CCNC covers a majority of the state's Medicaid population, and it has been recognized nationally for its patient-care methods. It also appears to save the state money, according to a report from North Carolina's Office of the State Auditor released Thursday. CCNC saved North Carolina $312 a year for every nonelderly Medicaid patient from 2003 to 2012, which equates to more than $400 million a year.
However, Republicans in North Carolina's senate want to terminate CCNC's contract and hand over all Medicaid operations to private health insurers, a decision that numerous other states have made. Iowa, for instance, just announced winners of its newly outsourced Medicaid program this week. Conversely, House members have supported “provider-led entities,” which are groups of hospitals and doctors that resemble accountable care organizations, to run all care aspects of Medicaid.
Hospitals and doctors say they want to take control of Medicaid instead of insurers because they are already accepting more risk-based payments for Medicare and private health insurance. “We'd prefer to have provider-led entities only, but we are kind of waiting to see what happens,” said Julie Henry, a spokeswoman at the North Carolina Hospital Association. “It does not appear that anything we say is changing (senate members') minds," although the group is still advocating for a provider-led Medicaid system, she said.

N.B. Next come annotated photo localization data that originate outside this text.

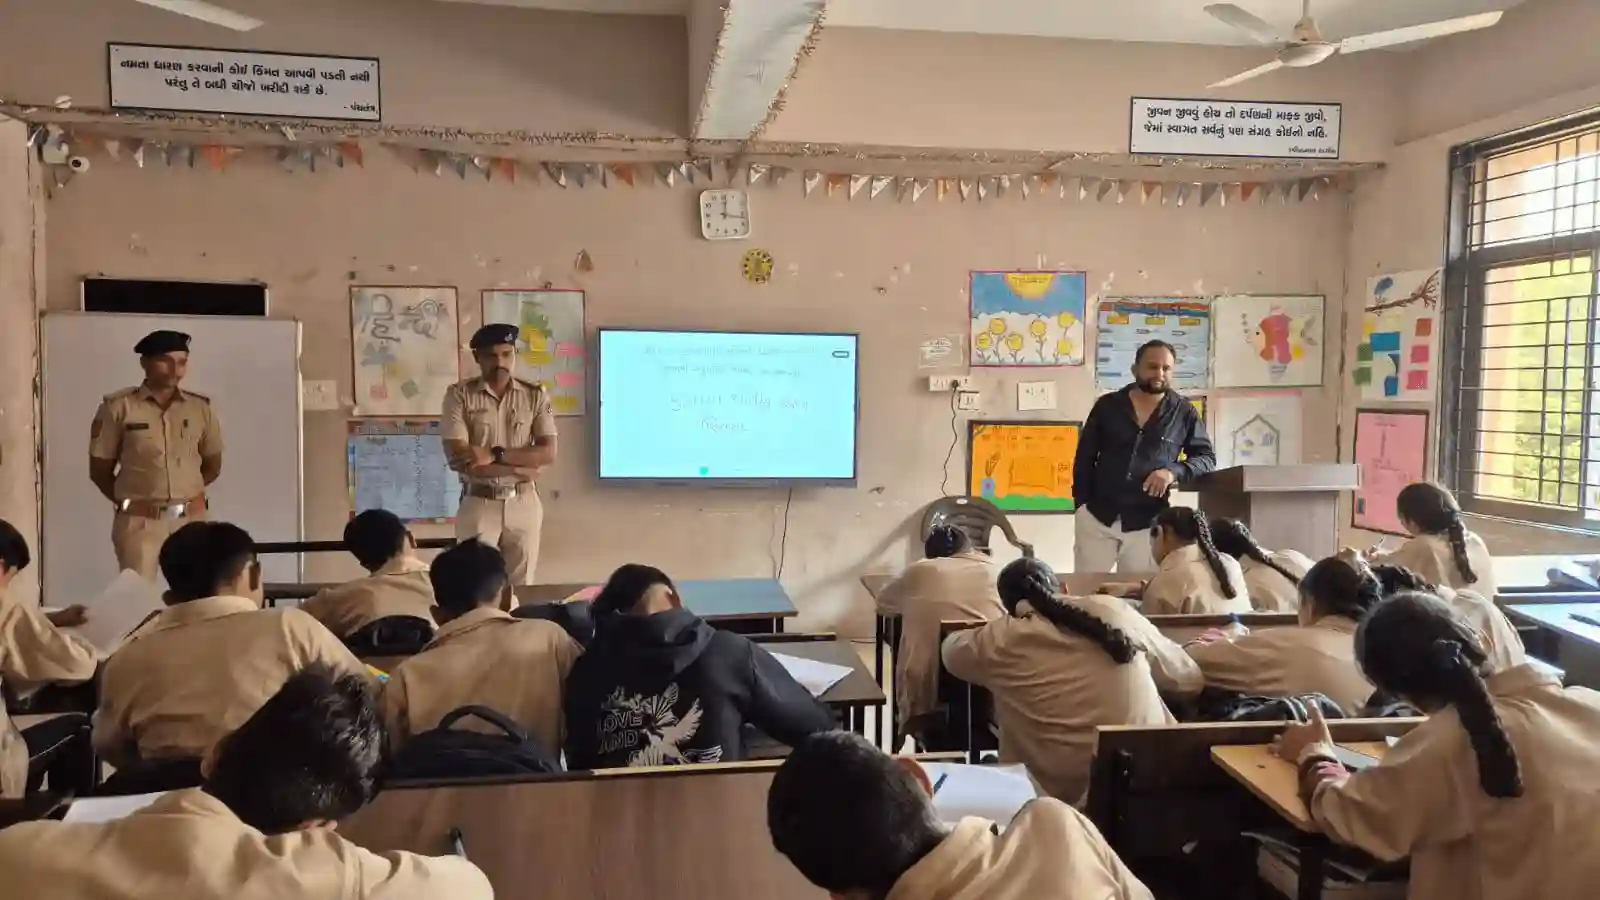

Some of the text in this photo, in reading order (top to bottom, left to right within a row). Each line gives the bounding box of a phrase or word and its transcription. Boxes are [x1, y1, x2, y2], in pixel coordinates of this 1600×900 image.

[187, 60, 224, 74] કરવાની
[321, 68, 346, 81] પડતી
[350, 69, 370, 82] નથી
[165, 76, 188, 91] પરંતુ
[191, 77, 200, 88] તે
[205, 78, 227, 90] બધી
[231, 79, 256, 91] ચીજો
[1147, 105, 1172, 119] જીવન
[1203, 105, 1221, 119] હોય
[1224, 105, 1236, 119] તો
[1167, 123, 1197, 134] સ્વાગત
[1228, 125, 1244, 136] પણ

The most recent version of the House bill essentially combines the two camps. Insurers and provider groups would compete for Medicaid contracts, and they would accept full-risk, lump-sum payments for every Medicaid member instead of receiving money for every service provided. Further, all interested insurers and provider-based organizations would have to establish “appropriate networks of providers” and tie part of their capitated rates to clinical outcomes.
Discontinuing CCNC's contract is a controversial element, but lawmakers are hoping to soften the blow. Some of the care-coordination money that would have gone to CCNC would instead be routed to primary-care physicians and OB-GYNs, who would receive a rate increase to 100% of Medicare.

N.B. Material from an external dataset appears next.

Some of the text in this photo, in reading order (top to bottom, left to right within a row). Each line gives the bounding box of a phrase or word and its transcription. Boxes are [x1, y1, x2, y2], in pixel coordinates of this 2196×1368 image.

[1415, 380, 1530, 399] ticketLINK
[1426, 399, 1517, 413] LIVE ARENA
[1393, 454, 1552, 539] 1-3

“We are appreciative of the rate increase,” Baggett of the North Carolina Medical Society said. “But at the same time, you got a program that was created by doctors to help them with the care coordination of their patients.”
North Carolina is the largest state that has not yet adopted Medicaid managed care, according to data from consulting firm Avalere Health. It also is one of the many Republican-led states that has refused to expand Medicaid eligibility under the Affordable Care Act to low-income people making up to 138% of the federal poverty level. About a half million people would gain coverage if North Carolina expanded Medicaid.
Because North Carolina is in the bottom third of poorest states in the country, it has more than 1.9 million Medicaid beneficiaries and spent $12 billion on the program last year—making it the 11th-largest Medicaid program in the nation and a potential goldmine for managed-care companies that want a slice of the growing Medicaid pie.
Even if state lawmakers pass a final bill soon, analysts say it'll take North Carolina's Medicaid department a while to receive approval from the CMS, put out a request for proposals and finalize contracts. “But we believe this is a reminder of the continued building pipeline of opportunities in managed Medicaid,” Brian Wright, an analyst at stock research firm Sterne Agee CRT, said in a research note.
Baggett doesn't see a formal transition occurring for at least three years. “The contentiousness has been over the 'how' and 'when' we're going to do it,” he said. “I think we've got a long way before any dramatic change occurs.”